Task requirements: The entries below are to be repeated exactly, and their pictures left out.

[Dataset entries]
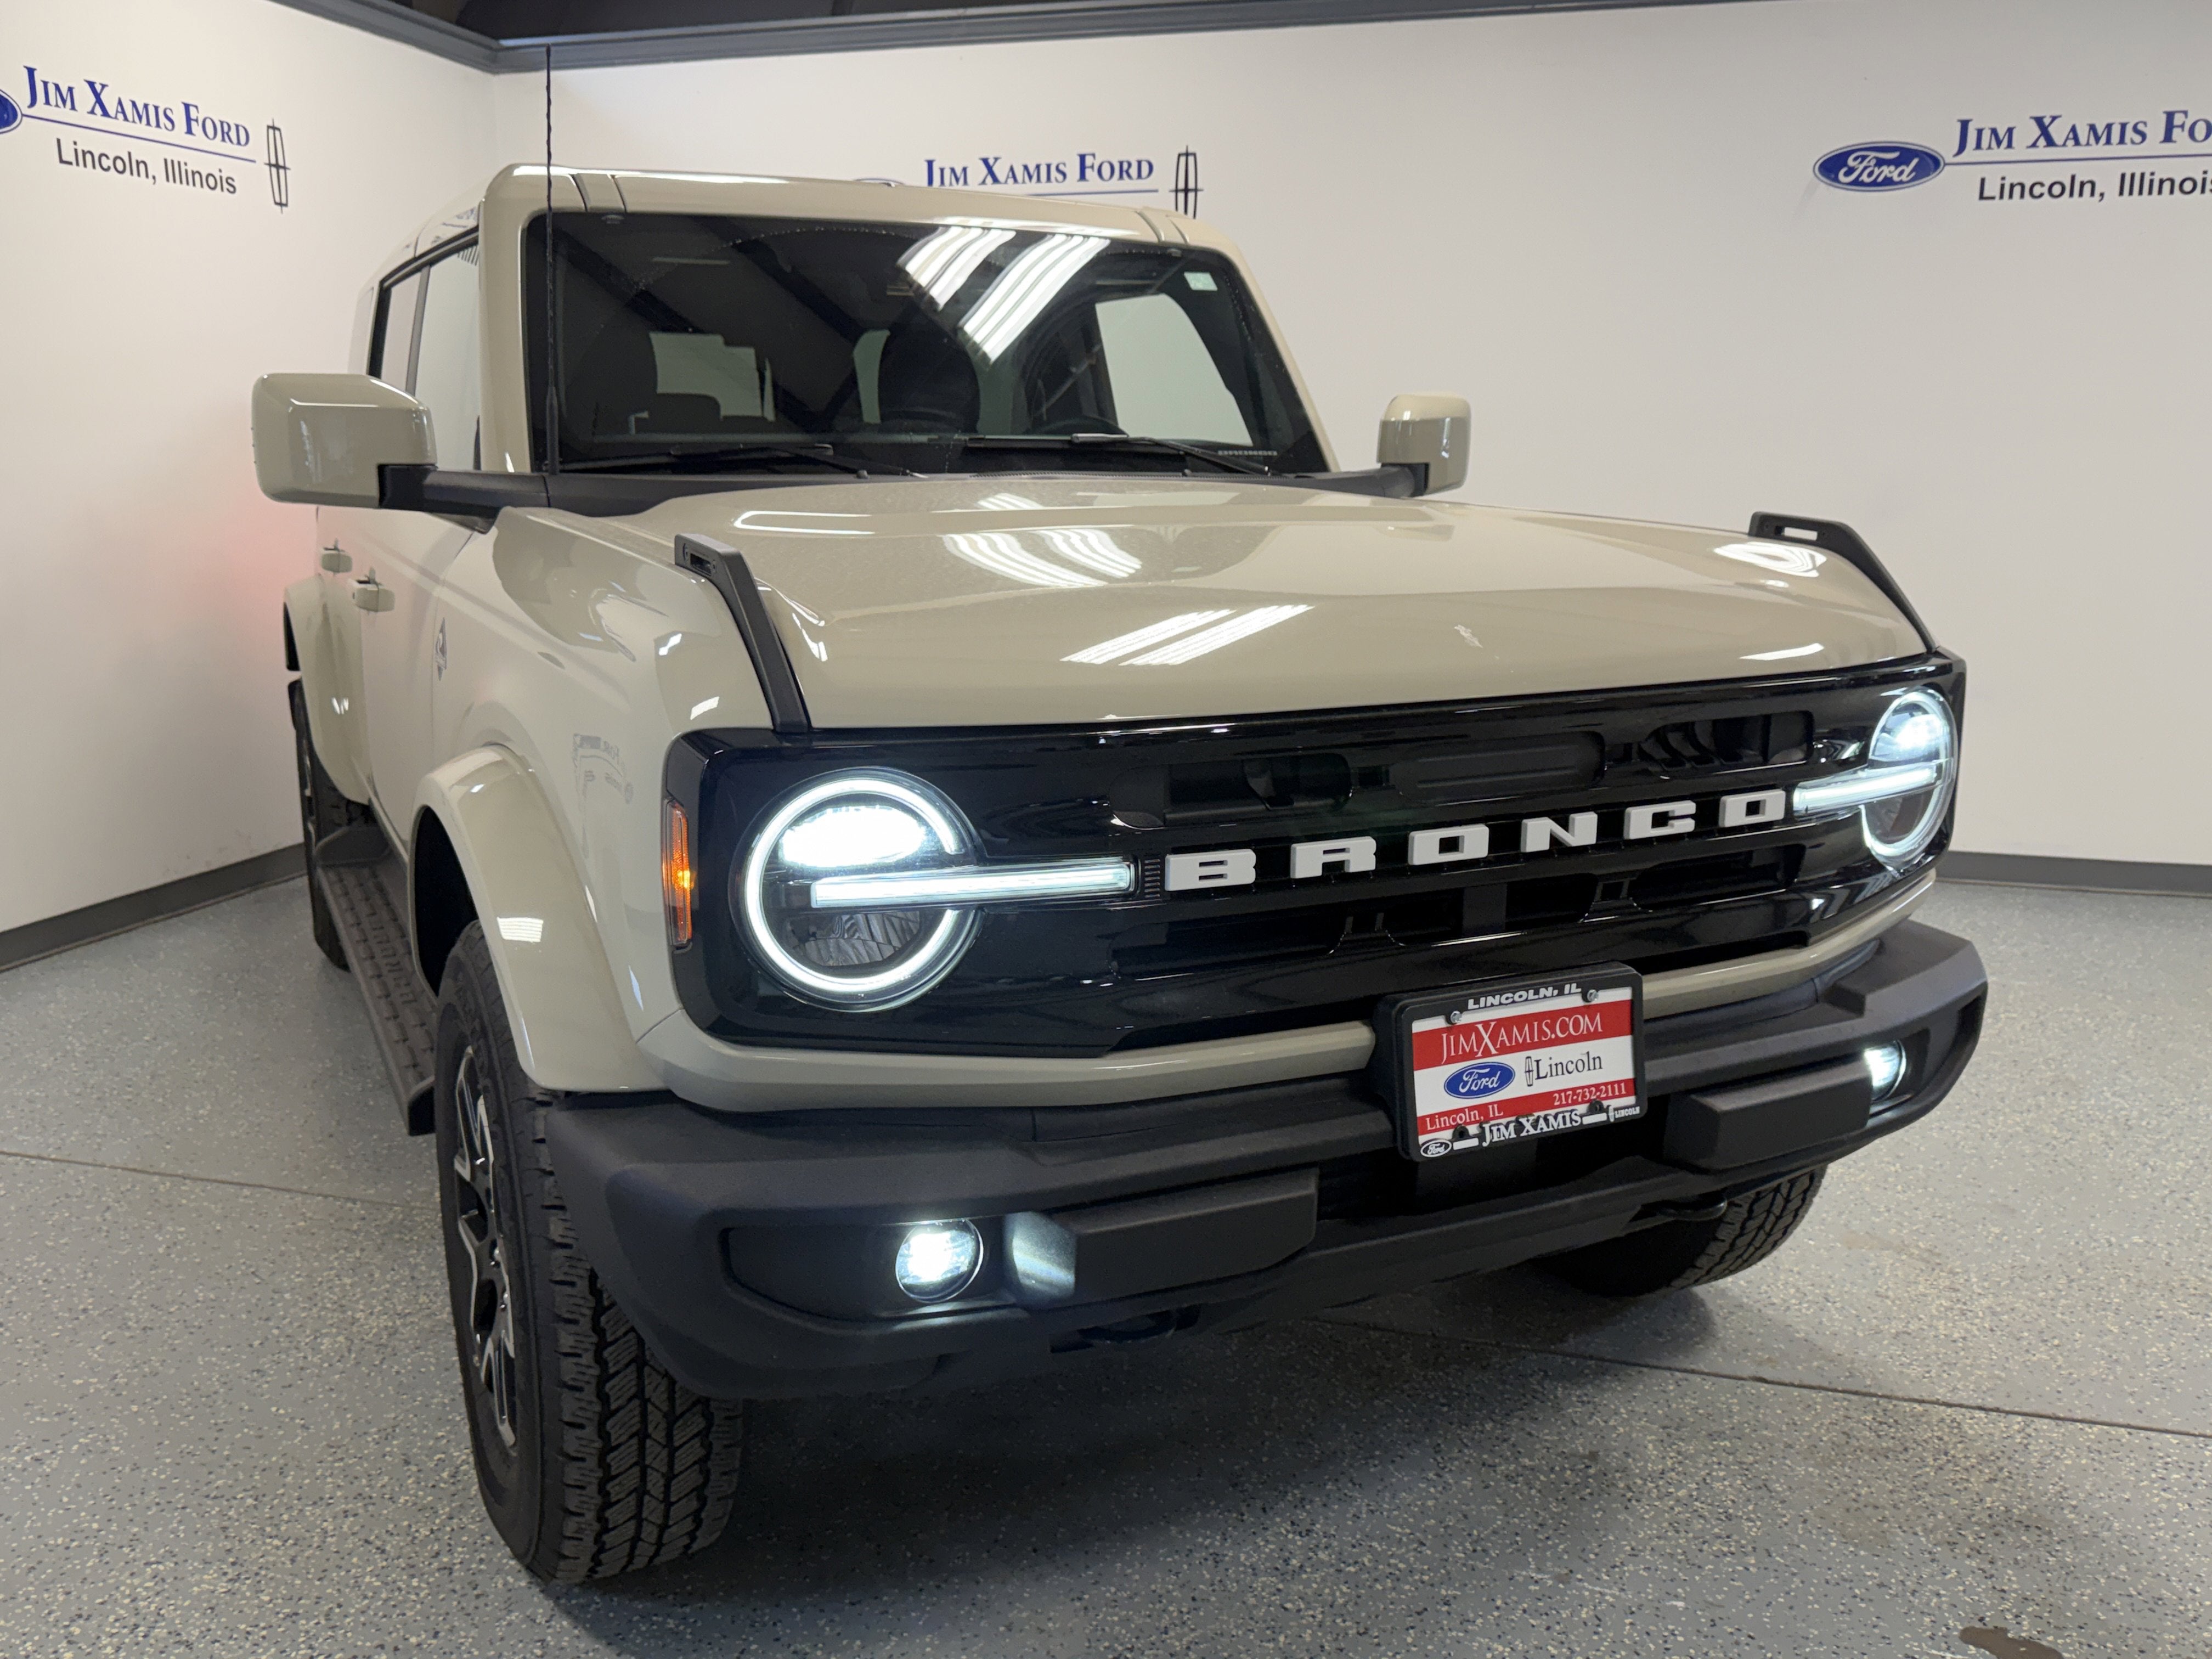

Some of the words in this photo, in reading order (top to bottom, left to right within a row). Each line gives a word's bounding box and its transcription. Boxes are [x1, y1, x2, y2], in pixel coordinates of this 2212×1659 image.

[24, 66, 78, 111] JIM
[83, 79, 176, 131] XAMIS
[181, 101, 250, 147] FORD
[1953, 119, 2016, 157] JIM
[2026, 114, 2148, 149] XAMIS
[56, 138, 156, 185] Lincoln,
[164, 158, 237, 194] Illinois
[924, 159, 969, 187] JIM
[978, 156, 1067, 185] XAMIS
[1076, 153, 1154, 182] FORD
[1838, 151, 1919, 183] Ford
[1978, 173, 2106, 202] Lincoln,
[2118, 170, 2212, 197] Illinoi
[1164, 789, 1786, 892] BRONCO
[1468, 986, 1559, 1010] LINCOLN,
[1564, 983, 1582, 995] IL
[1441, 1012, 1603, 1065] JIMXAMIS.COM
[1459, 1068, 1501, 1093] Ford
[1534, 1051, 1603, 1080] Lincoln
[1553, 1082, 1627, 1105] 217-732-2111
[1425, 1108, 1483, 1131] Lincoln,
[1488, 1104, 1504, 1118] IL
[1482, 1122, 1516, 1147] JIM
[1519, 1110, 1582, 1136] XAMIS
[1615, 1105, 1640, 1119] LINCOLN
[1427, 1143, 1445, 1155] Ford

Task solution:
Some of the words in this photo, in reading order (top to bottom, left to right within a row). Each line gives a word's bounding box and its transcription. Boxes are [x1, y1, x2, y2], in pixel coordinates of this 2212×1659 image.

[24, 66, 78, 111] JIM
[83, 79, 176, 131] XAMIS
[181, 101, 250, 147] FORD
[1953, 119, 2016, 157] JIM
[2026, 114, 2148, 149] XAMIS
[56, 138, 156, 185] Lincoln,
[164, 158, 237, 194] Illinois
[924, 159, 969, 187] JIM
[978, 156, 1067, 185] XAMIS
[1076, 153, 1154, 182] FORD
[1838, 151, 1919, 183] Ford
[1978, 173, 2106, 202] Lincoln,
[2118, 170, 2212, 197] Illinoi
[1164, 789, 1786, 892] BRONCO
[1468, 986, 1559, 1010] LINCOLN,
[1564, 983, 1582, 995] IL
[1441, 1012, 1603, 1065] JIMXAMIS.COM
[1459, 1068, 1501, 1093] Ford
[1534, 1051, 1603, 1080] Lincoln
[1553, 1082, 1627, 1105] 217-732-2111
[1425, 1108, 1483, 1131] Lincoln,
[1488, 1104, 1504, 1118] IL
[1482, 1122, 1516, 1147] JIM
[1519, 1110, 1582, 1136] XAMIS
[1615, 1105, 1640, 1119] LINCOLN
[1427, 1143, 1445, 1155] Ford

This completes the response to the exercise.